#### Your goal
Set down the records once more, please, exactly and with the pictures left out.
Data for analysis START
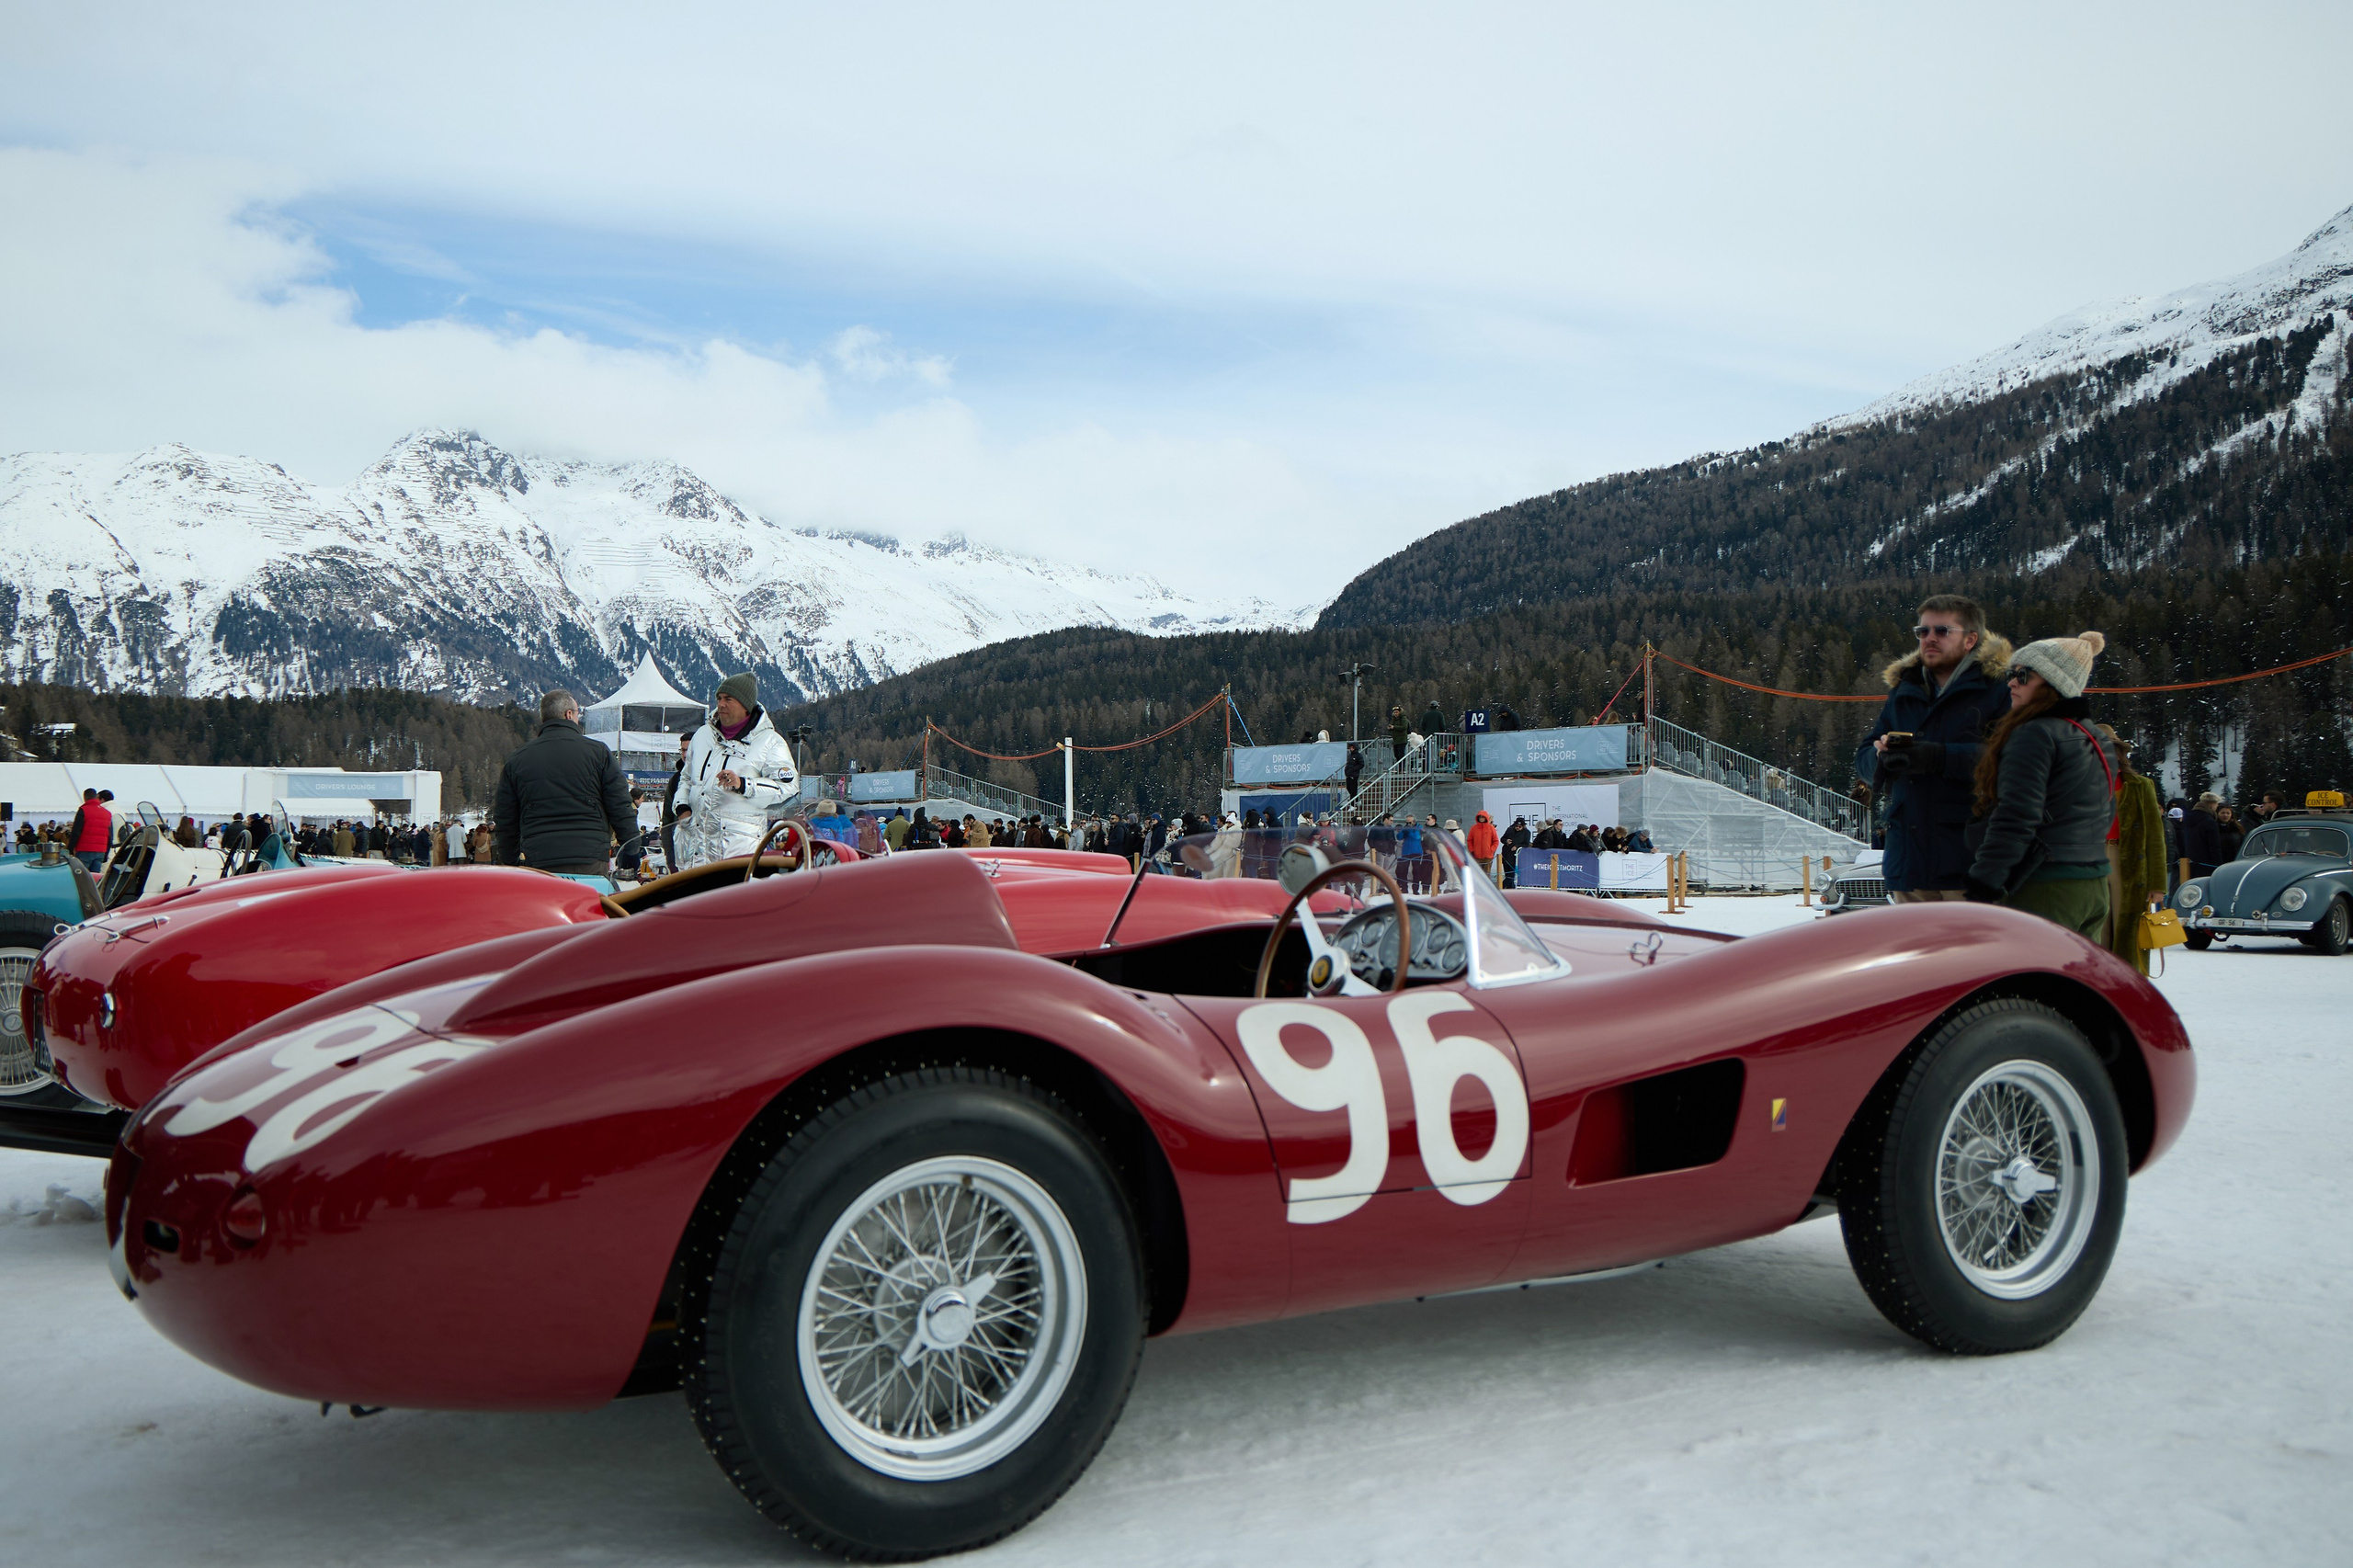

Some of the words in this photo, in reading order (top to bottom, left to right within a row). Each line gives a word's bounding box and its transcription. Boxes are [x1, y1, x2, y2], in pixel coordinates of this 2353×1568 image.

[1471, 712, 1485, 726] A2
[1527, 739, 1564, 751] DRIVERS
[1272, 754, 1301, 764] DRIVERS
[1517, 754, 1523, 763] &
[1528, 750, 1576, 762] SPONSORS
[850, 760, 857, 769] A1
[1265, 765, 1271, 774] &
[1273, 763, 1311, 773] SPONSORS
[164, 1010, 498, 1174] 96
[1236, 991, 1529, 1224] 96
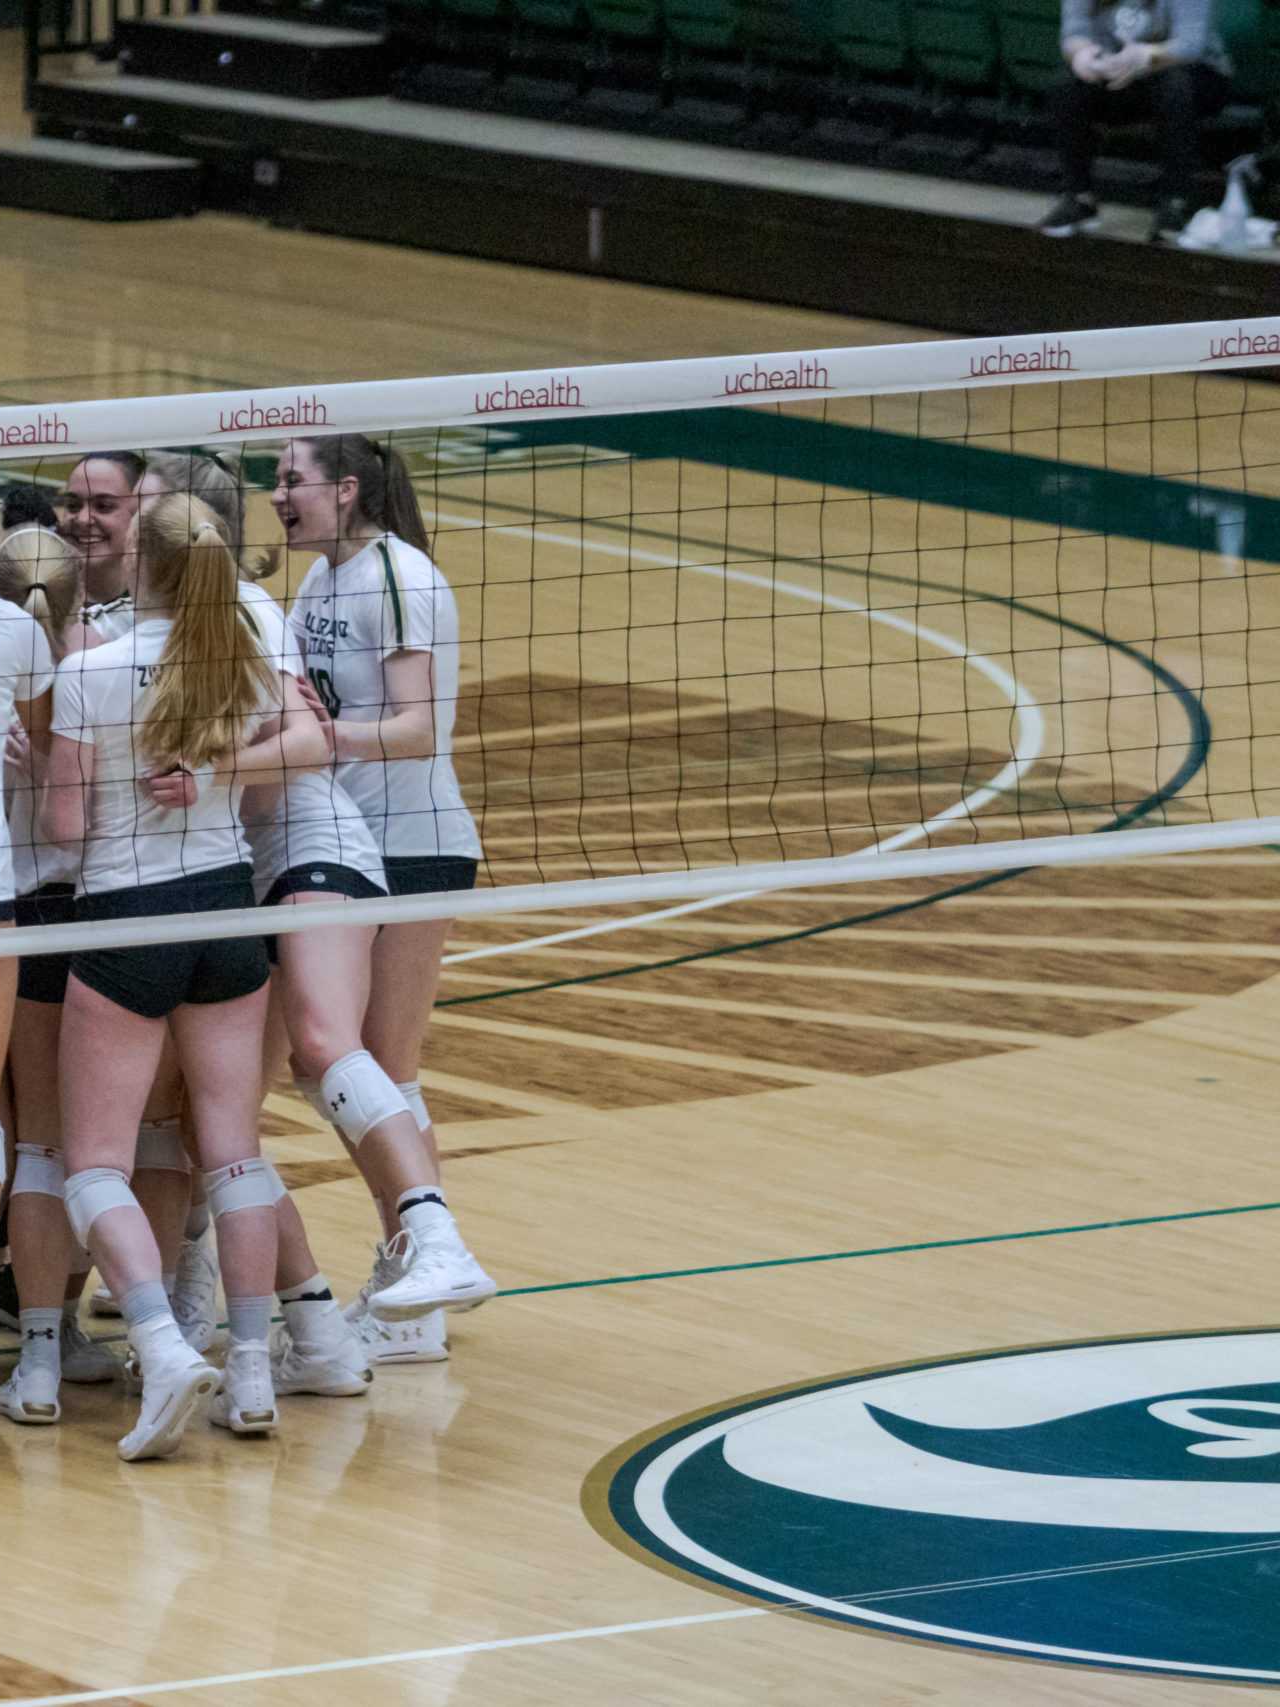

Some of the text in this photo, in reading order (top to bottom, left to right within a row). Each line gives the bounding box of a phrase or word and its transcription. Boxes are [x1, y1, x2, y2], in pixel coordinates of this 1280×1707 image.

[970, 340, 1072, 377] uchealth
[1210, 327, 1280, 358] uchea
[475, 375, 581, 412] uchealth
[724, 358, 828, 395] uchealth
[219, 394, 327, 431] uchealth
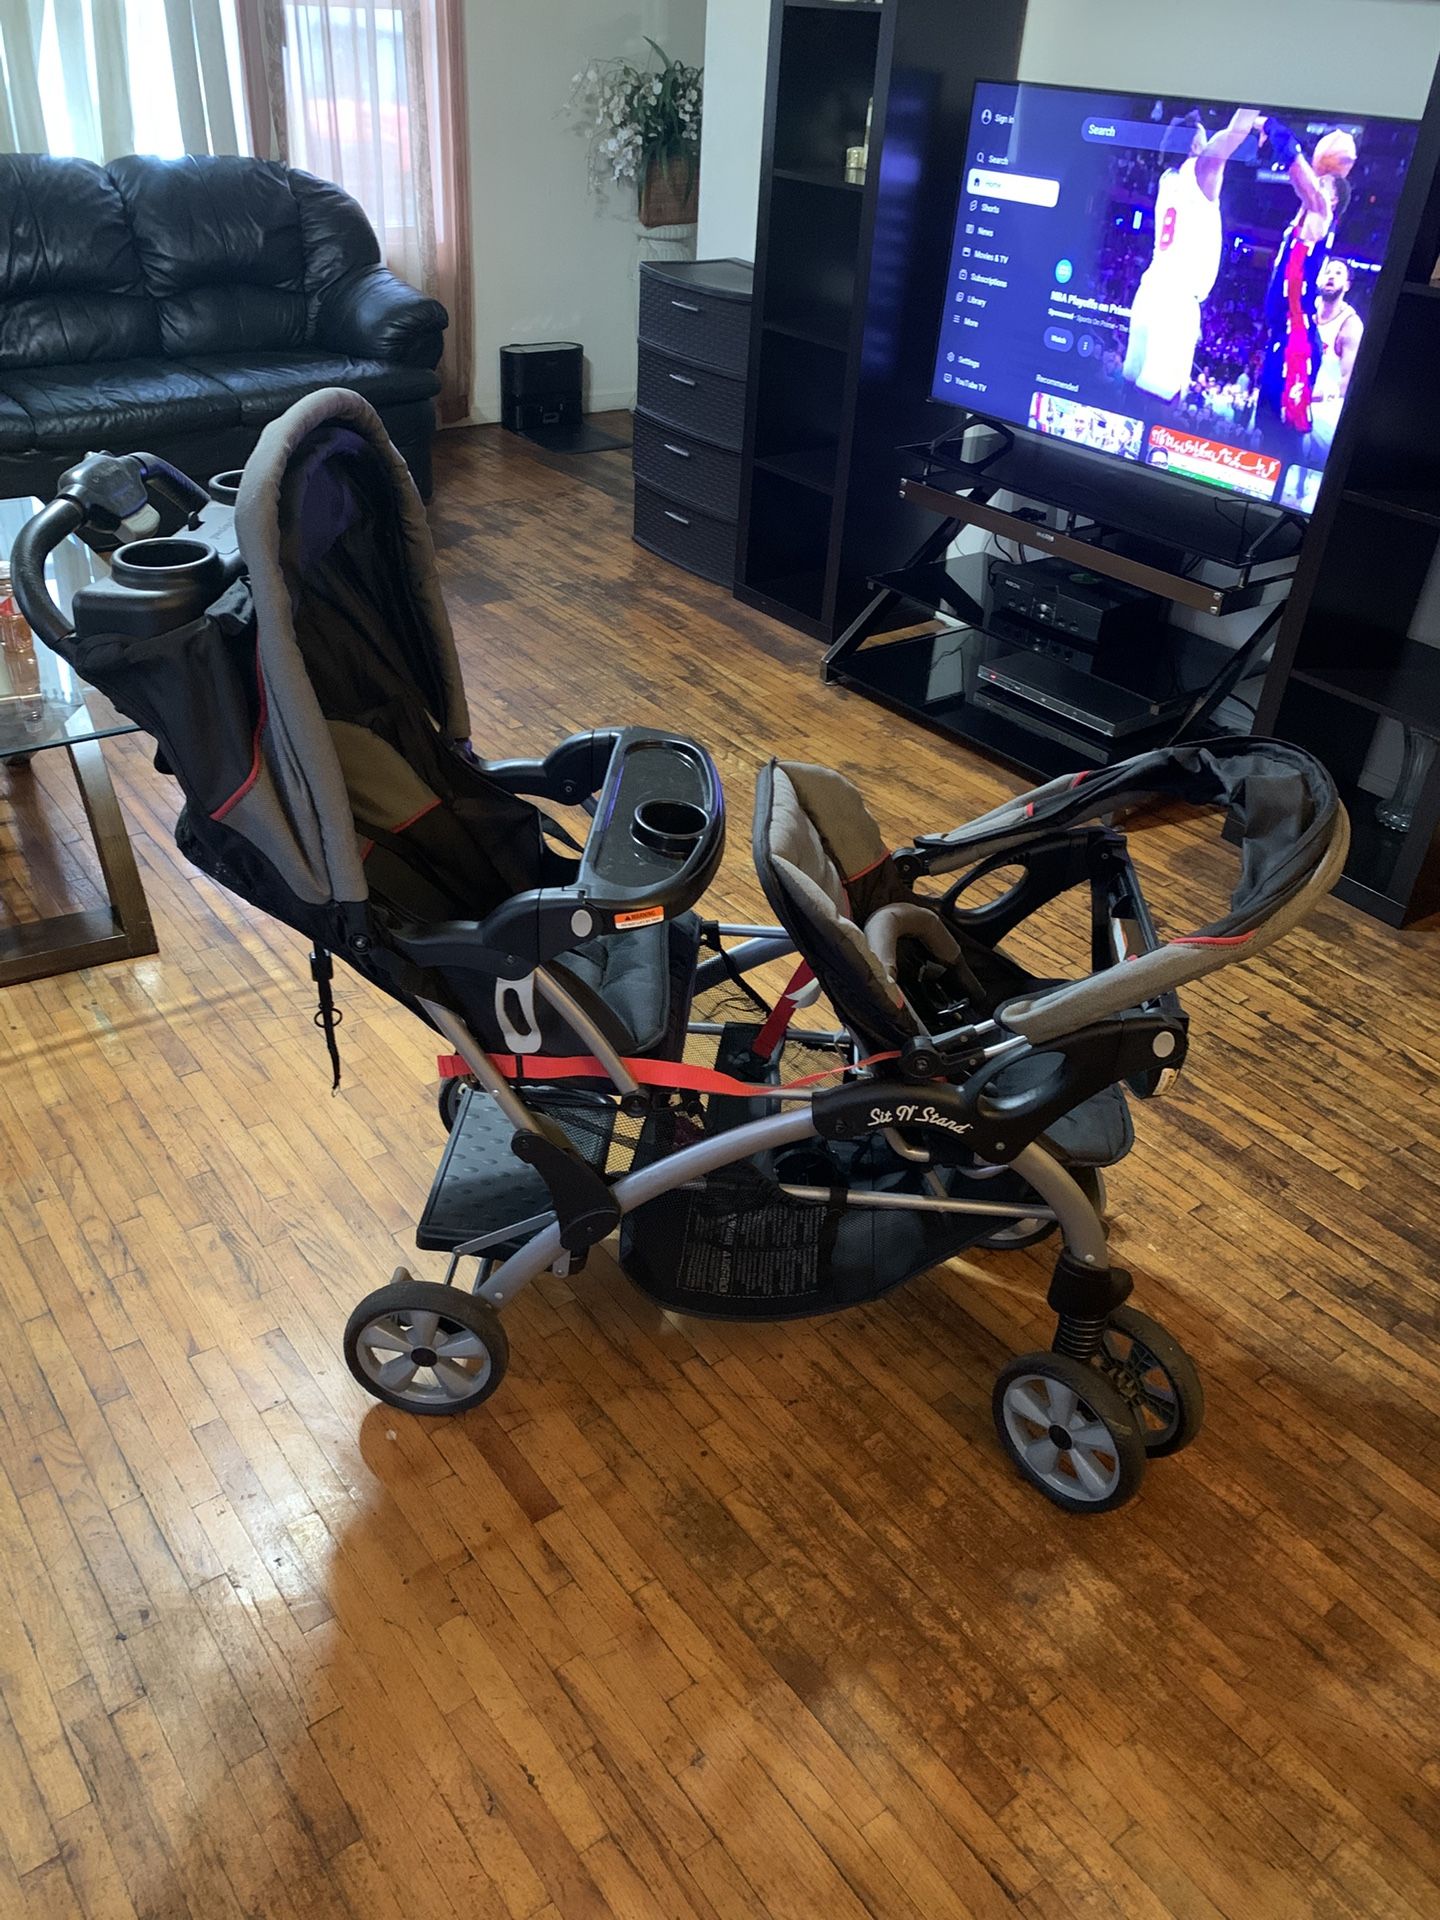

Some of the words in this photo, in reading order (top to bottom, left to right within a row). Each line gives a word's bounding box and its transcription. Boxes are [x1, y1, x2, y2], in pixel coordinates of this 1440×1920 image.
Data for analysis END
#### Response area
Some of the words in this photo, in reading order (top to bottom, left to right within a row). Each line gives a word's bounding box and its transcription. Boxes are [x1, y1, x2, y2], in pixel coordinates of this 2353×1568 image.

[1471, 712, 1485, 726] A2
[1527, 739, 1564, 751] DRIVERS
[1272, 754, 1301, 764] DRIVERS
[1517, 754, 1523, 763] &
[1528, 750, 1576, 762] SPONSORS
[850, 760, 857, 769] A1
[1265, 765, 1271, 774] &
[1273, 763, 1311, 773] SPONSORS
[164, 1010, 498, 1174] 96
[1236, 991, 1529, 1224] 96

Some of the text in this photo, in reading order (top to bottom, left to right within a row). Each line gives the bounding box of a phrase or word and its transcription. Boxes are [x1, y1, x2, y2], in pixel coordinates of this 1280×1707 image.

[970, 340, 1072, 377] uchealth
[1210, 327, 1280, 358] uchea
[475, 375, 581, 412] uchealth
[724, 358, 828, 395] uchealth
[219, 394, 327, 431] uchealth

Some of the words in this photo, in reading order (top to bottom, left to right within a row). Each line gives a word's bounding box and its transcription. Boxes are [x1, y1, x2, y2], in pixel coordinates of this 1440×1920 image.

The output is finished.